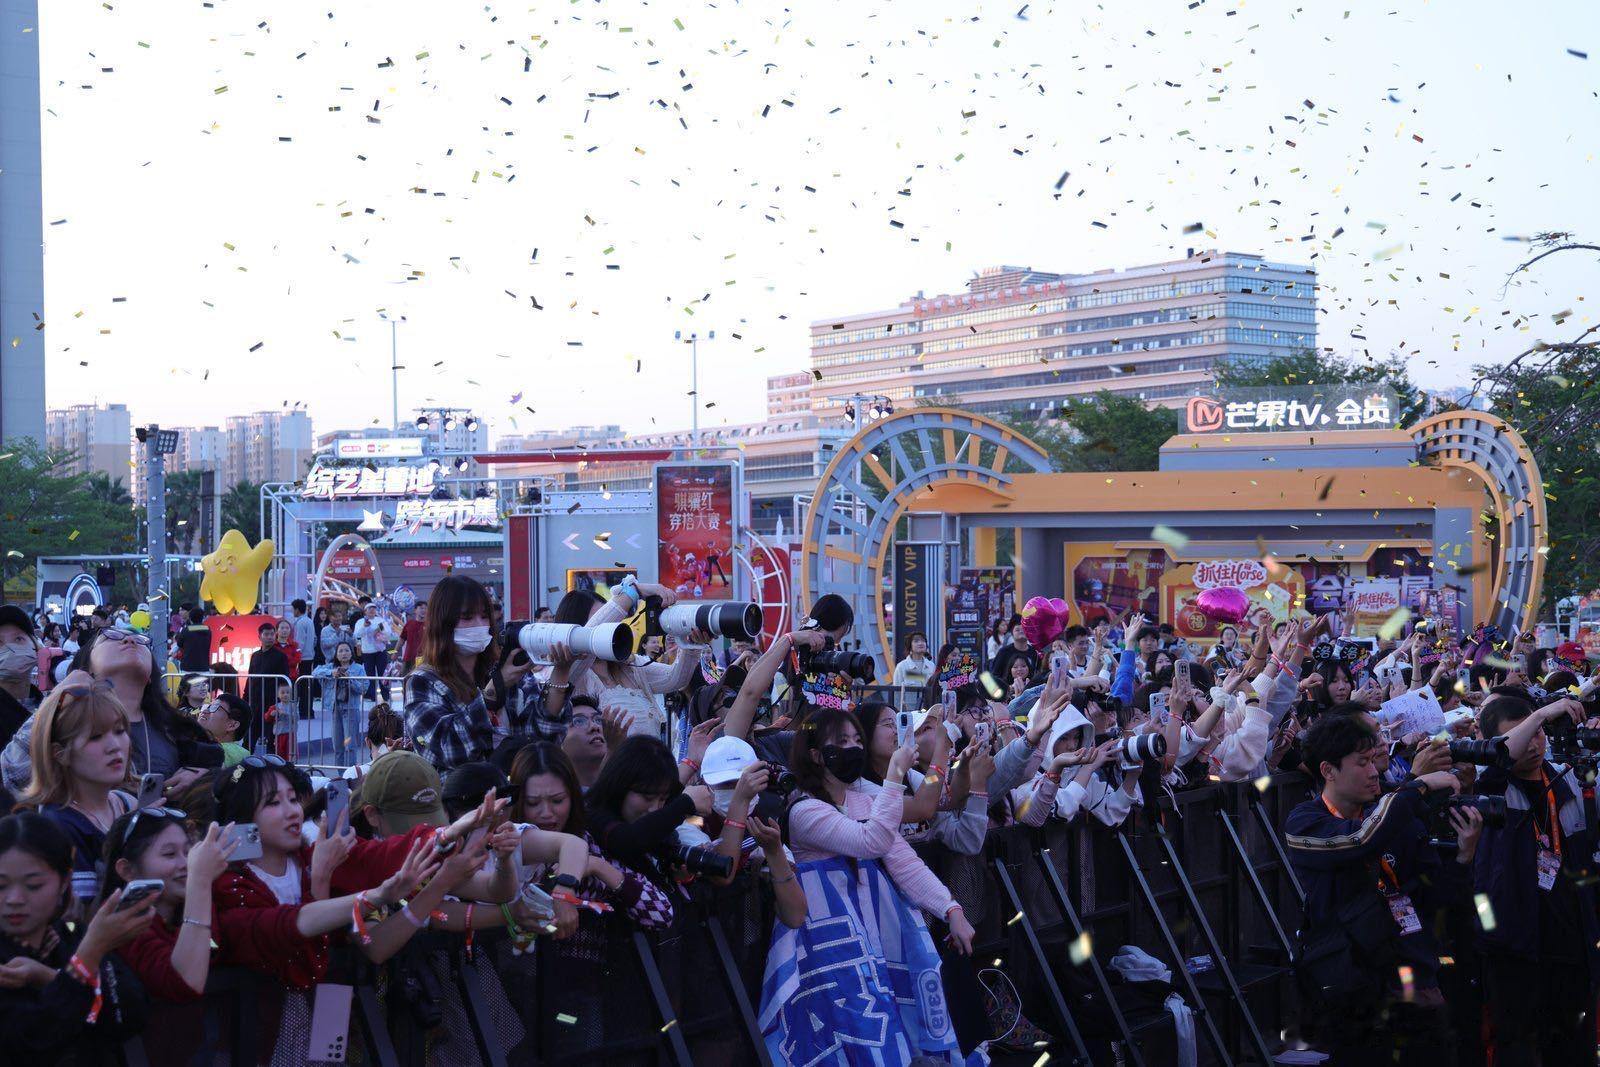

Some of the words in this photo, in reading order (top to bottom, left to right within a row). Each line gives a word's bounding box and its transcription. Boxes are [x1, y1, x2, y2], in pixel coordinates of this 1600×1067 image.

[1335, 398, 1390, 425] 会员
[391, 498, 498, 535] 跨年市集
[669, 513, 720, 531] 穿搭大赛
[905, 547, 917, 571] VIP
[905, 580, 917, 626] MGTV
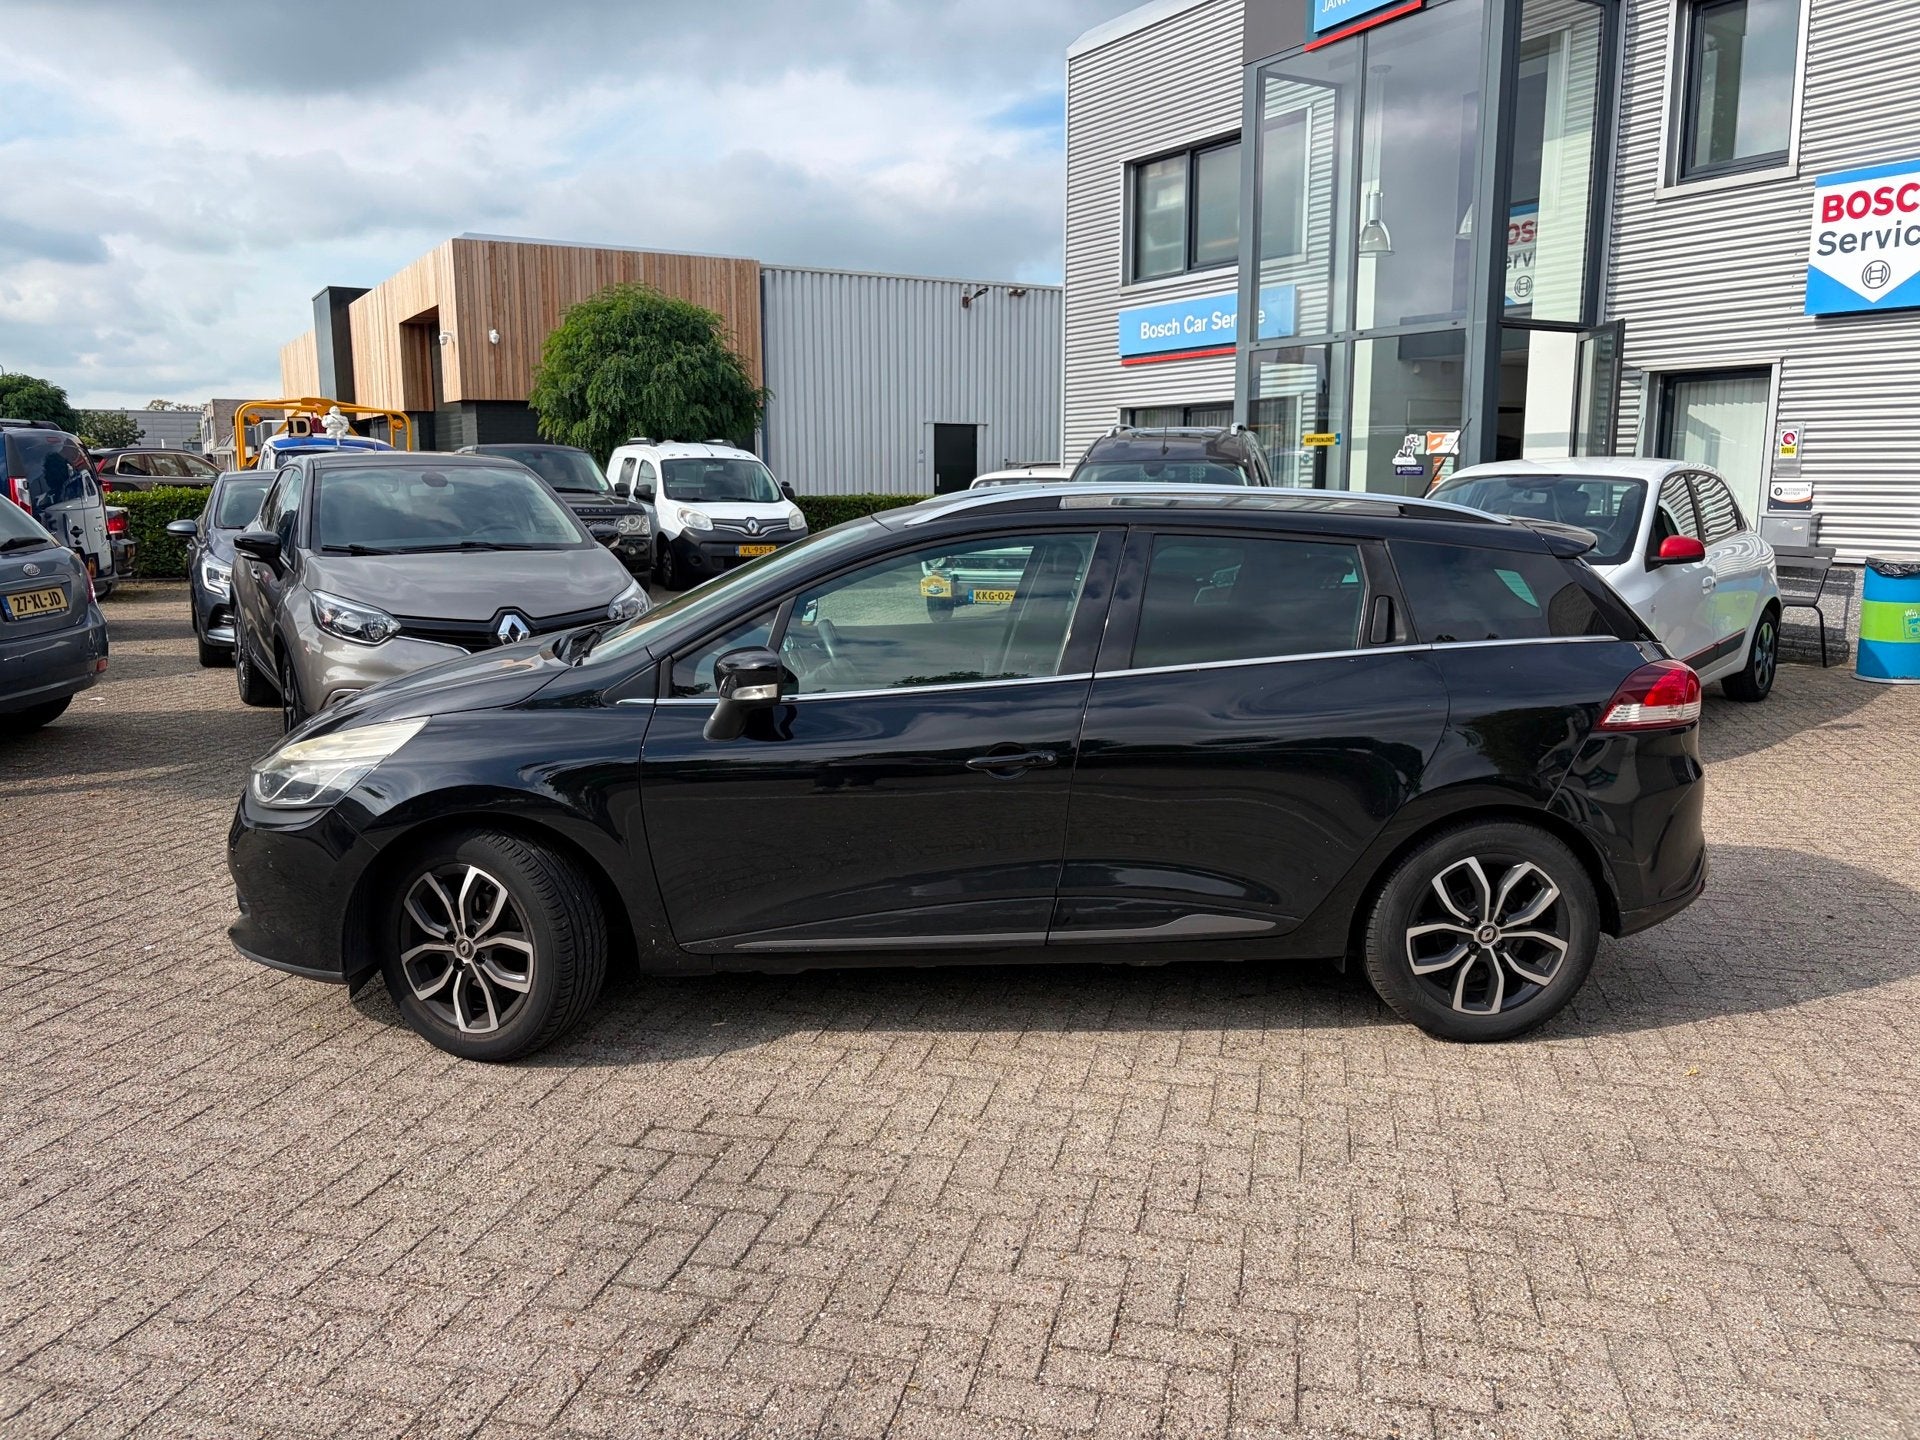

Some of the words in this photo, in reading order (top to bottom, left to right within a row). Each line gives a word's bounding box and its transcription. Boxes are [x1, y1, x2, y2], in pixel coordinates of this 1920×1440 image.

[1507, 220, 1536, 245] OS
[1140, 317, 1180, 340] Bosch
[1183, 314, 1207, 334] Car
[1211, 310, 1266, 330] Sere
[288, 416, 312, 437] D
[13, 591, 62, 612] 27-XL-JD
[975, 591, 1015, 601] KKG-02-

====================

▶ **TASK DETAILS**: Return the listing above verbatim and exclude every picture.

▶ **SOLUTION TO THIS EXERCISE**:
Some of the words in this photo, in reading order (top to bottom, left to right within a row). Each line gives a word's bounding box and its transcription. Boxes are [x1, y1, x2, y2], in pixel coordinates of this 1600×1067 image.

[1335, 398, 1390, 425] 会员
[391, 498, 498, 535] 跨年市集
[669, 513, 720, 531] 穿搭大赛
[905, 547, 917, 571] VIP
[905, 580, 917, 626] MGTV

Some of the words in this photo, in reading order (top to bottom, left to right within a row). Each line gives a word's bounding box and its transcription. Boxes are [x1, y1, x2, y2], in pixel coordinates of this 1920×1440 image.

[1507, 220, 1536, 245] OS
[1140, 317, 1180, 340] Bosch
[1183, 314, 1207, 334] Car
[1211, 310, 1266, 330] Sere
[288, 416, 312, 437] D
[13, 591, 62, 612] 27-XL-JD
[975, 591, 1015, 601] KKG-02-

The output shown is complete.